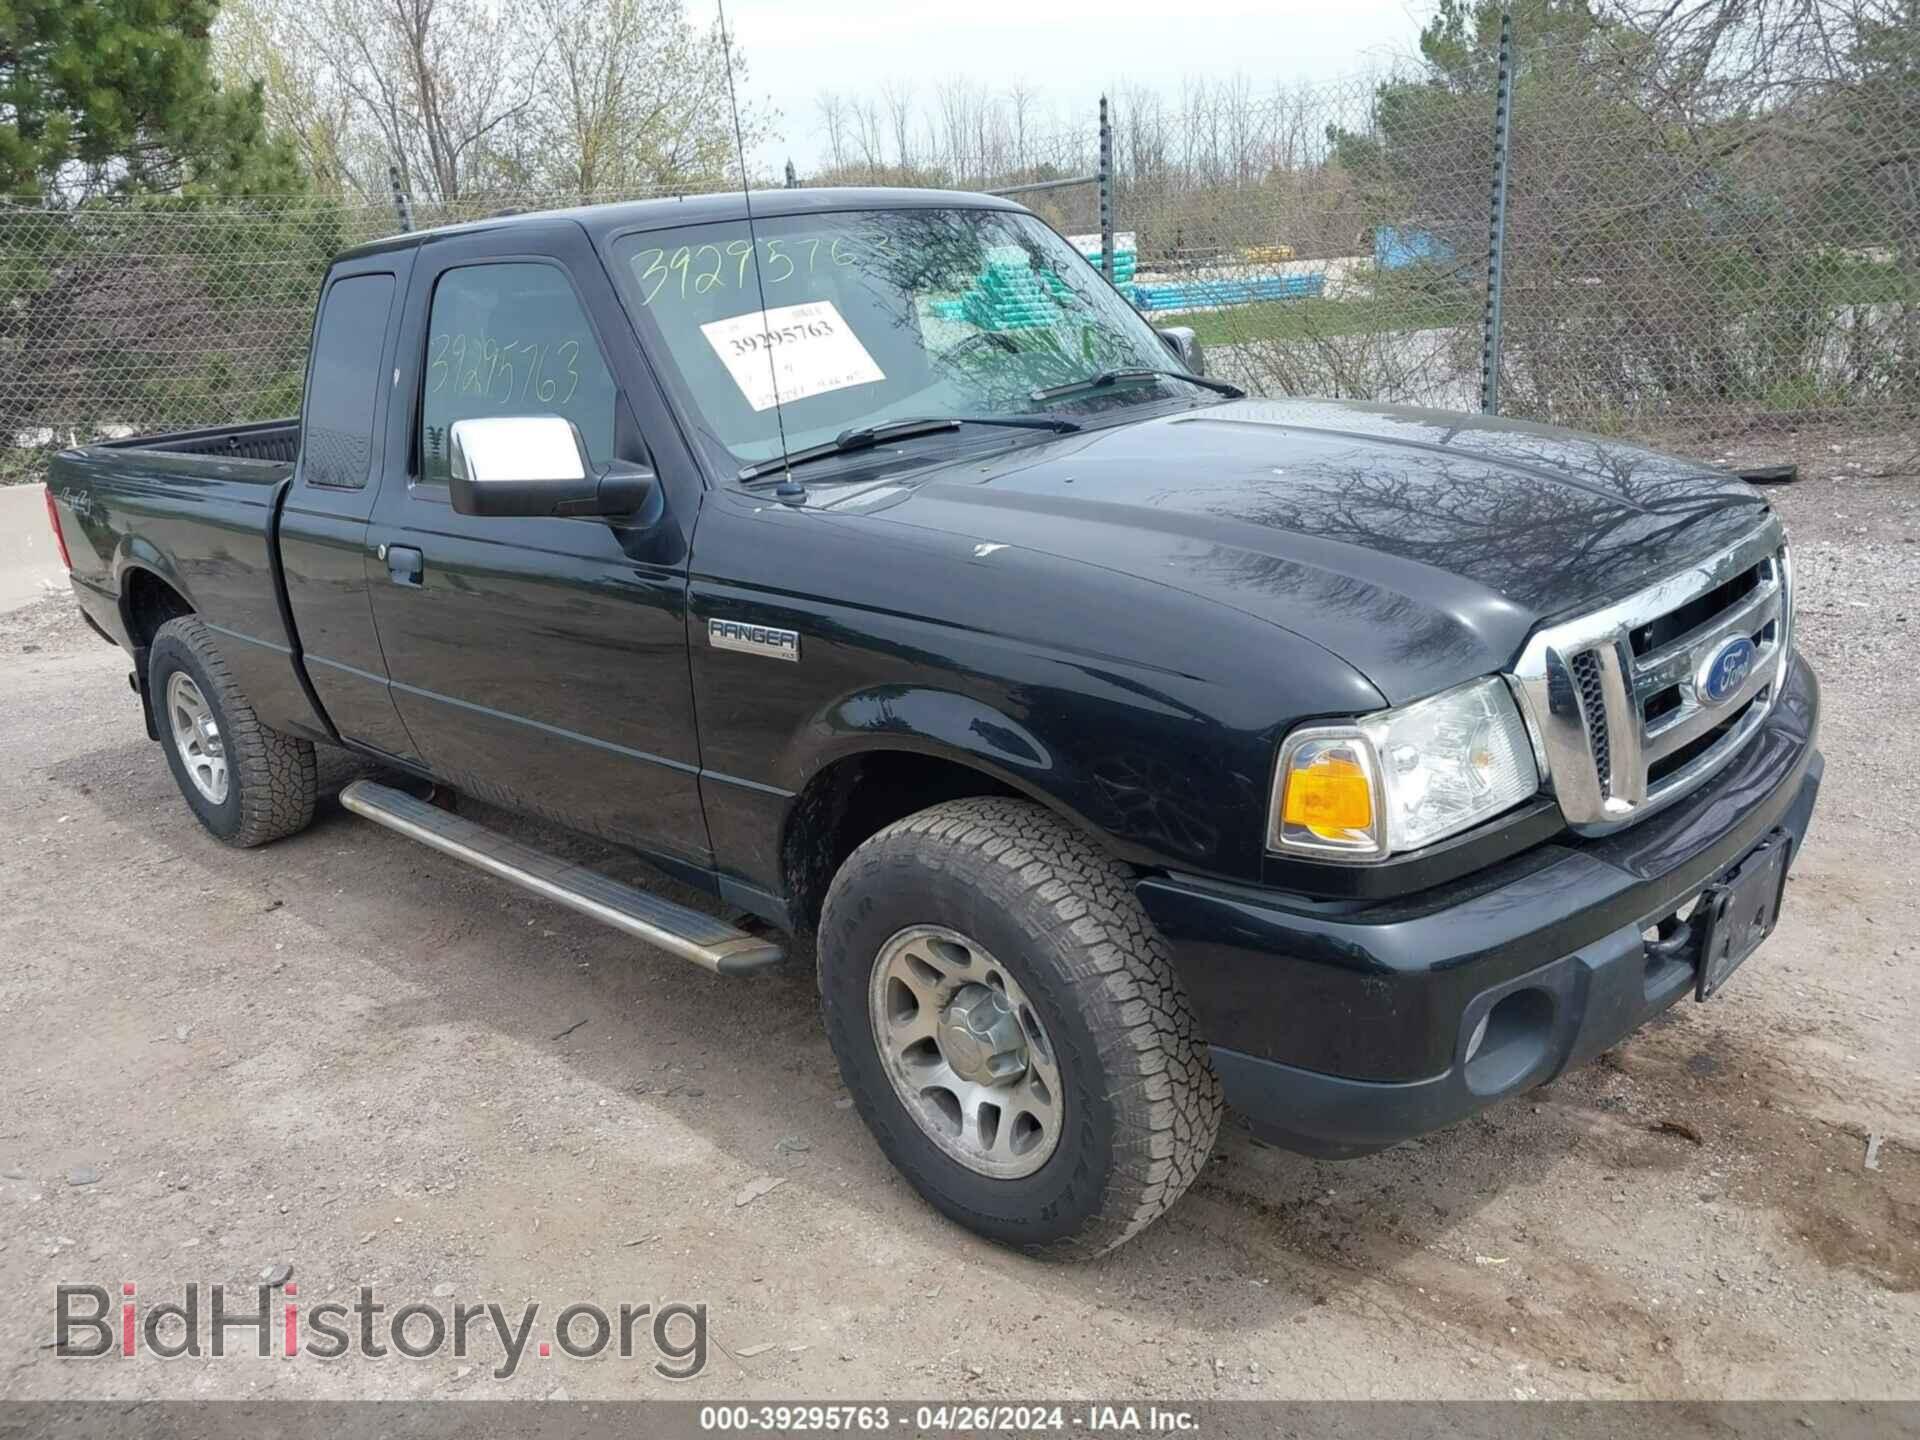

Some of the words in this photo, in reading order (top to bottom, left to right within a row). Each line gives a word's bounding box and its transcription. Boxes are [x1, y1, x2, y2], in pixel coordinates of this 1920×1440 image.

[729, 320, 835, 357] 39295763
[431, 330, 580, 404] 39295763
[710, 620, 796, 650] RANGER
[1720, 648, 1750, 692] Ford
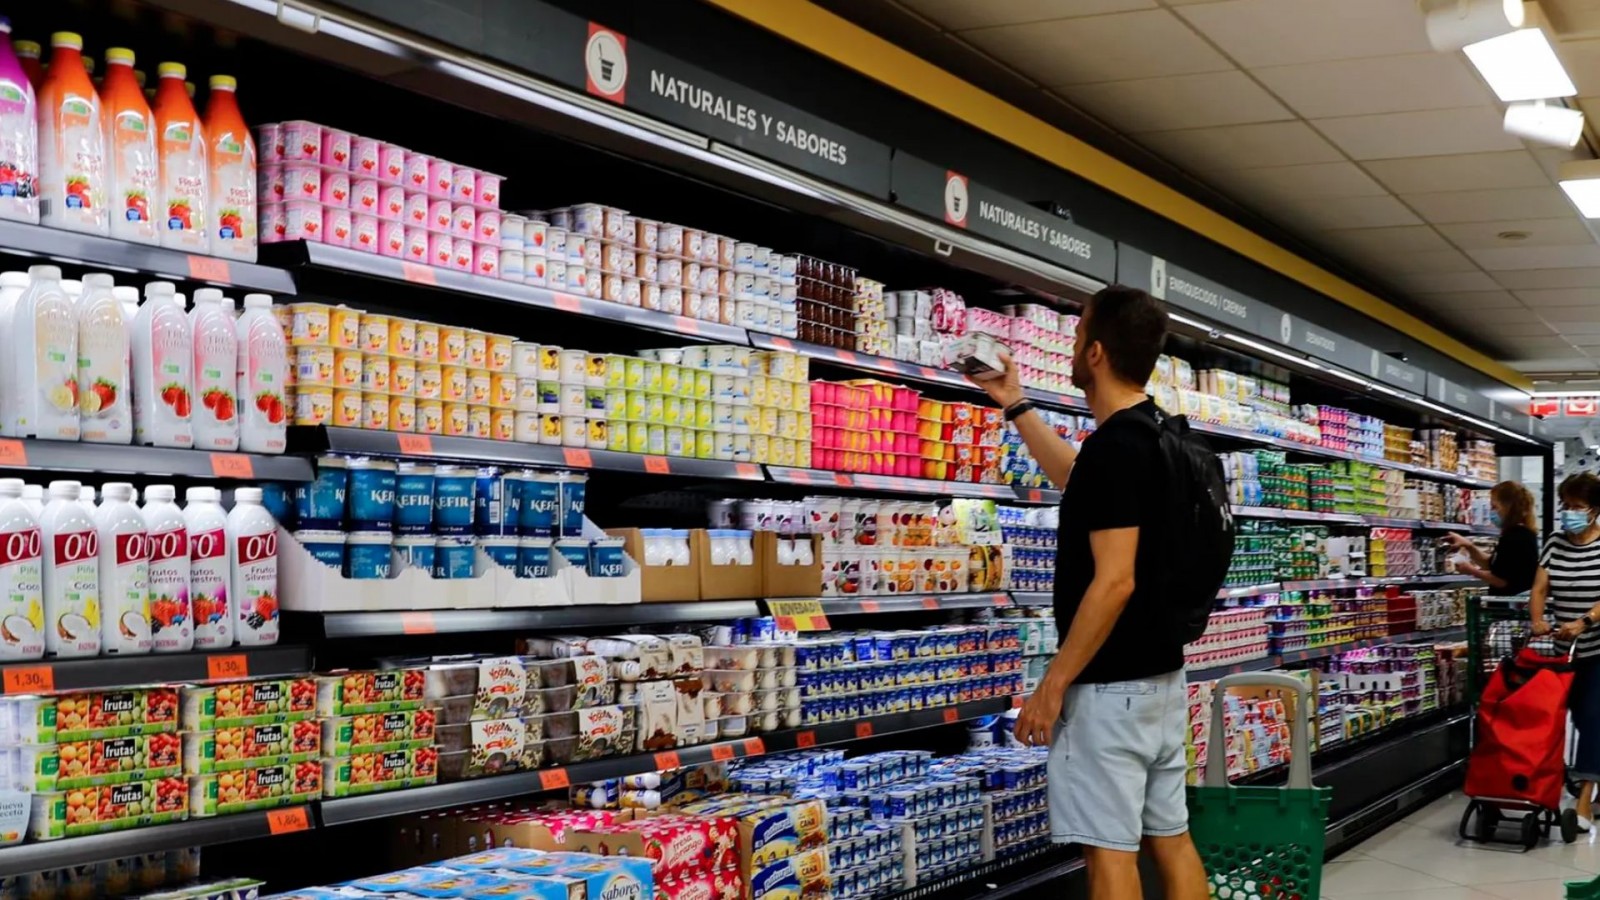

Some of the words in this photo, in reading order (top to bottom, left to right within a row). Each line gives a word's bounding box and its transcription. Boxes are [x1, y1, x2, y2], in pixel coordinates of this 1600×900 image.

## ABOUT THIS EXERCISE
Without the pictures, transcribe the listing above exactly.

## RESULT BELOW
Some of the words in this photo, in reading order (top to bottom, left to right within a row). Each line gives a word's bounding box and its transcription. Boxes are [x1, y1, x2, y2], in pixel coordinates of this 1920×1440 image.

[729, 320, 835, 357] 39295763
[431, 330, 580, 404] 39295763
[710, 620, 796, 650] RANGER
[1720, 648, 1750, 692] Ford

Some of the words in this photo, in reading order (top to bottom, left to right within a row). Each line gives a word's bounding box and its transcription. Boxes are [x1, y1, x2, y2], in pixel coordinates of this 1600×900 image.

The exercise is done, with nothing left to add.